TASK DETAILS. Write out each entry below exactly. Do not include the images.
═══ EXERCISE INPUT ═══
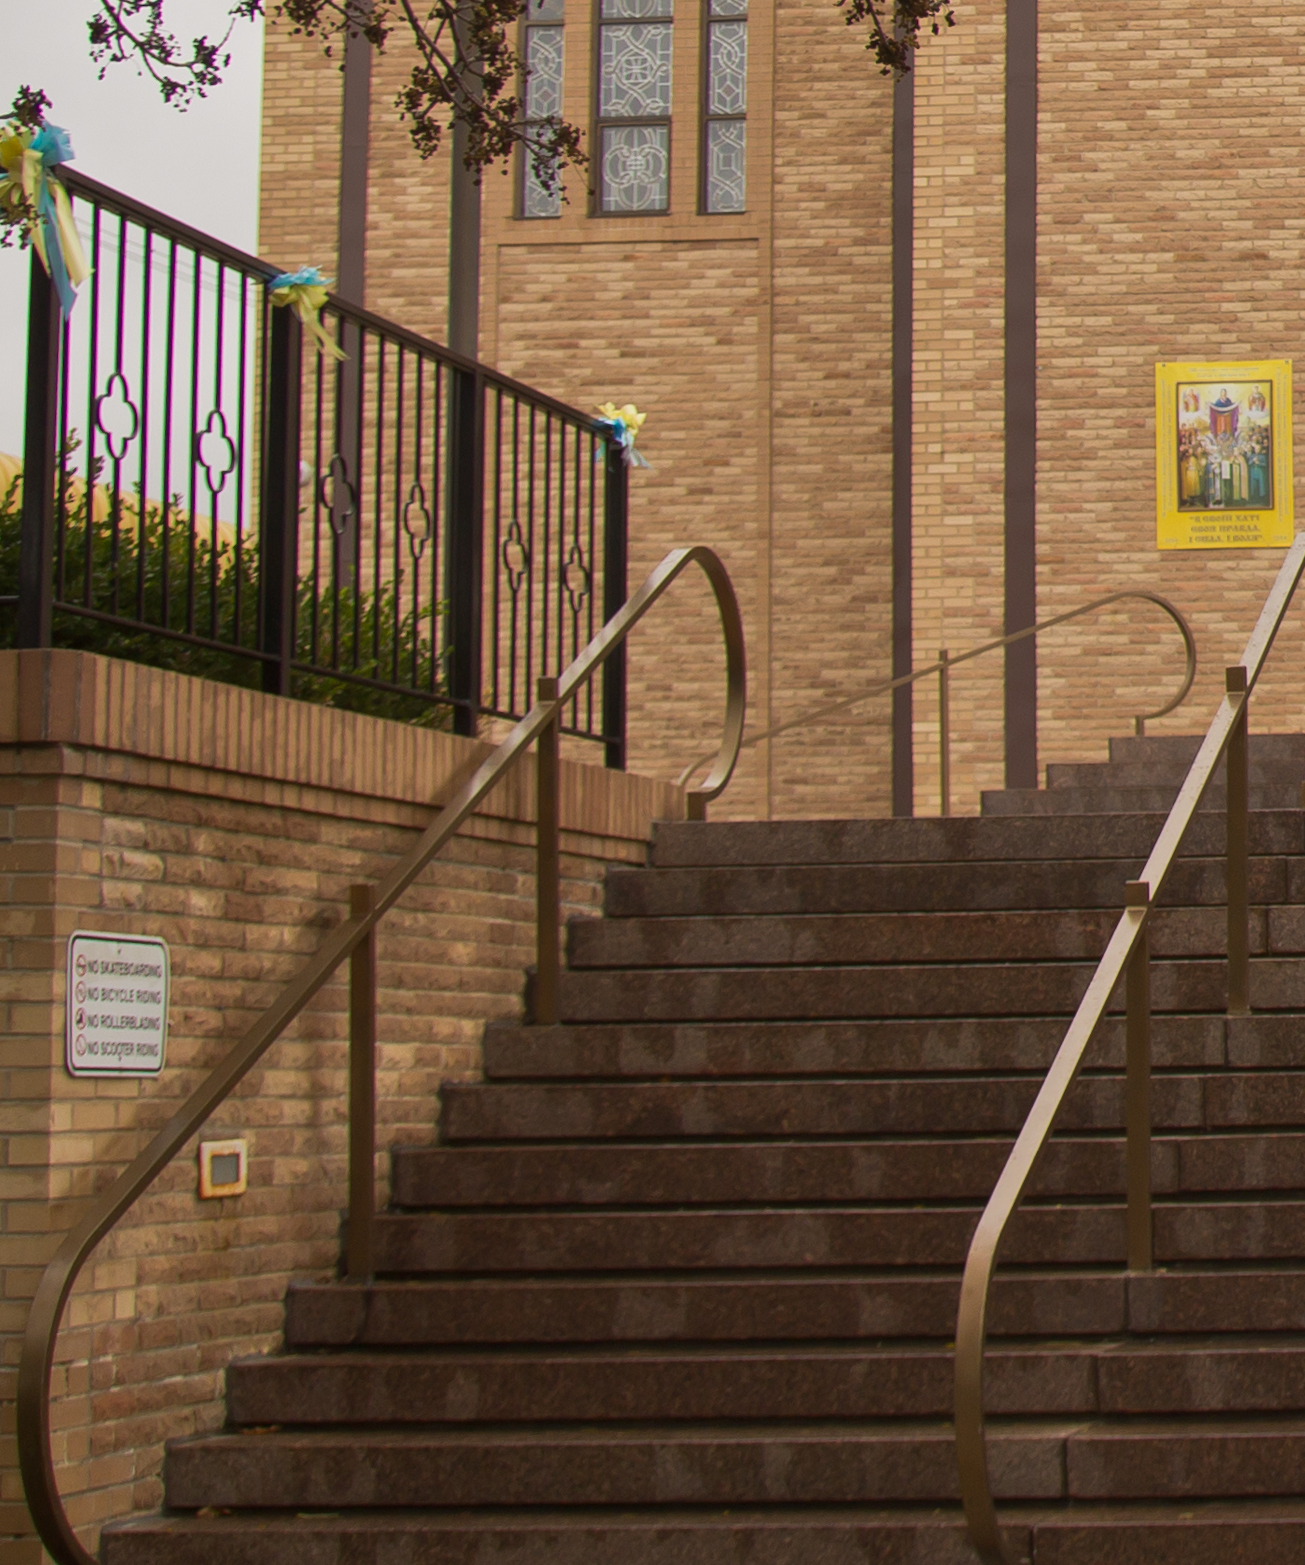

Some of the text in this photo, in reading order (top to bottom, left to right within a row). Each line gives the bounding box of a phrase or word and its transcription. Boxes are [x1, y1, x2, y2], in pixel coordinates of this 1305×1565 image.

[87, 959, 162, 979] NO SKATEBOARDING
[87, 987, 162, 1005] NO BICYCLE RIDING
[87, 1014, 161, 1032] NO ROLLERBLADING
[87, 1041, 160, 1057] NO SCOOTER RIDING
═══
FINISHED EXERCISE.
Some of the text in this photo, in reading order (top to bottom, left to right within a row). Each line gives the bounding box of a phrase or word and its transcription. Boxes are [x1, y1, x2, y2], in pixel coordinates of this 1305×1565 image.

[87, 959, 162, 979] NO SKATEBOARDING
[87, 987, 162, 1005] NO BICYCLE RIDING
[87, 1014, 161, 1032] NO ROLLERBLADING
[87, 1041, 160, 1057] NO SCOOTER RIDING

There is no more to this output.